The independence is very important. But I'm not sure it can't be learned just as successfully at 14 onwards, following familiarity with the town in question, as 12-14 and unfamiliar? Confused I don't think not letting a 12 year old go into town will make them fall apart when they leave home to go to Uni or work.

Noofly · 28/10/2016 22:28

I was thinking about this thread as I dropped DS(14) and DD(12) at the train station so they could go into Edinburgh. I didn't even wait to make sure they got onto a train. Grin

Having said that, DS is virtually unique in his circle of local friends for being allowed to go into town without a parent, so I'm not all that surprised to see the reaction from Polly's mum.
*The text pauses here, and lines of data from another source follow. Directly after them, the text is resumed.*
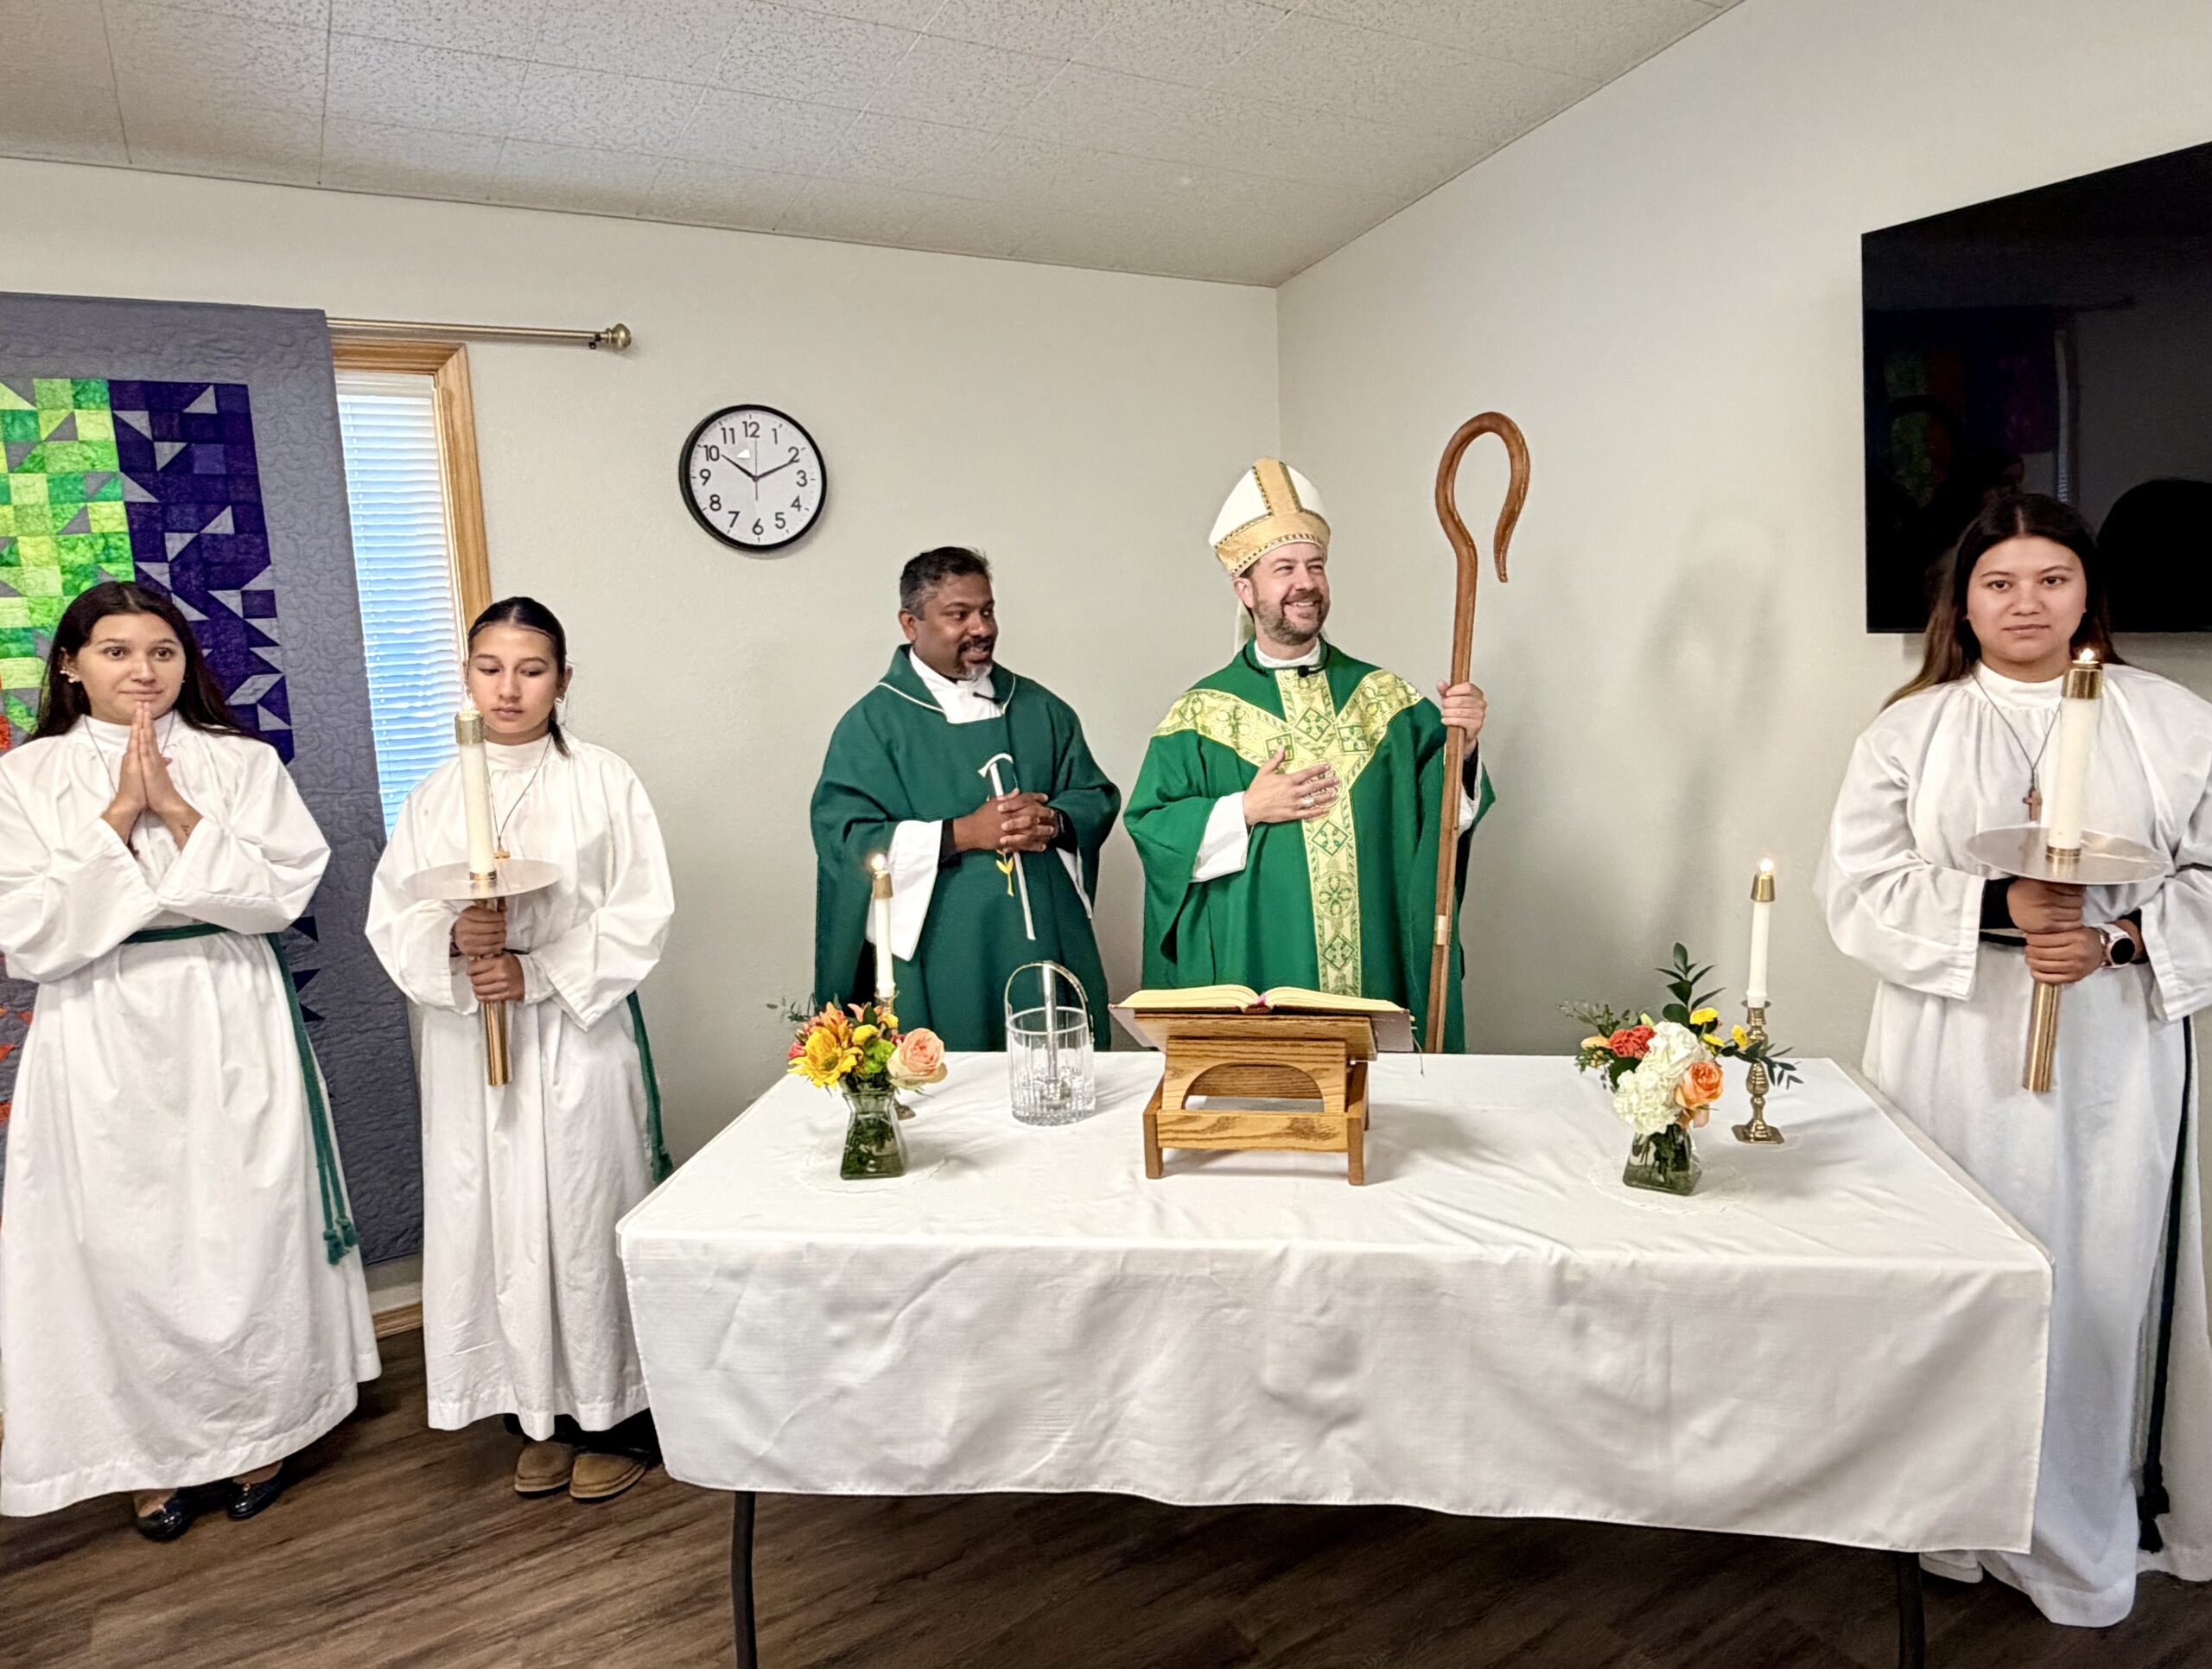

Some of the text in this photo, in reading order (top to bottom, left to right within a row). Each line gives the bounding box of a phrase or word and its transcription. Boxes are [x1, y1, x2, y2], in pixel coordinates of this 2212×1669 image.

[721, 427, 735, 444] 11
[742, 422, 760, 437] 12
[772, 429, 778, 444] 1
[703, 445, 720, 462] 10
[788, 447, 799, 462] 2
[700, 469, 711, 486] 9
[796, 470, 807, 487] 3
[709, 494, 721, 511] 8
[790, 495, 802, 512] 4
[728, 511, 740, 527] 7
[753, 518, 764, 535] 6
[775, 513, 785, 529] 5
Tapandgo · 28/10/2016 22:46

I think Belles I suggested that kids who had not had the opportunity to manage risk early on are more likely to fall apart when leaving home and forced to confront new situations.............

But each to their own

FrancisCrawford · 28/10/2016 22:48

This reply has been deleted

Message withdrawn at poster's request.

RoseGoldHippie · 28/10/2016 22:57

Sooo after reading that the Daily Fail picks up stories I did a quick Google and this story is now a feature in the Sun!

By the way I think YANBU I can't see why this would be an issue and if it was, Polly should have told you her mum wouldn't approve.

Sorry I havent RTFT - relax OP she will calm down!

Somerville · 28/10/2016 23:00

If DD hadn't been able to do such a mundane activity safely at 14 then I would think I'd failed her as a parent.

My 14 YO couldn't go into Manchester with a 12 YO. She'd need to be with someone older who knows the ropes really well. Even then, she'd rather not go - she'd be worried about stuff. I don't think I'm a shit parent, but maybe I am. I dunno.

Offred · 28/10/2016 23:52

I think you should have asked 'polly's' mum if it was ok first.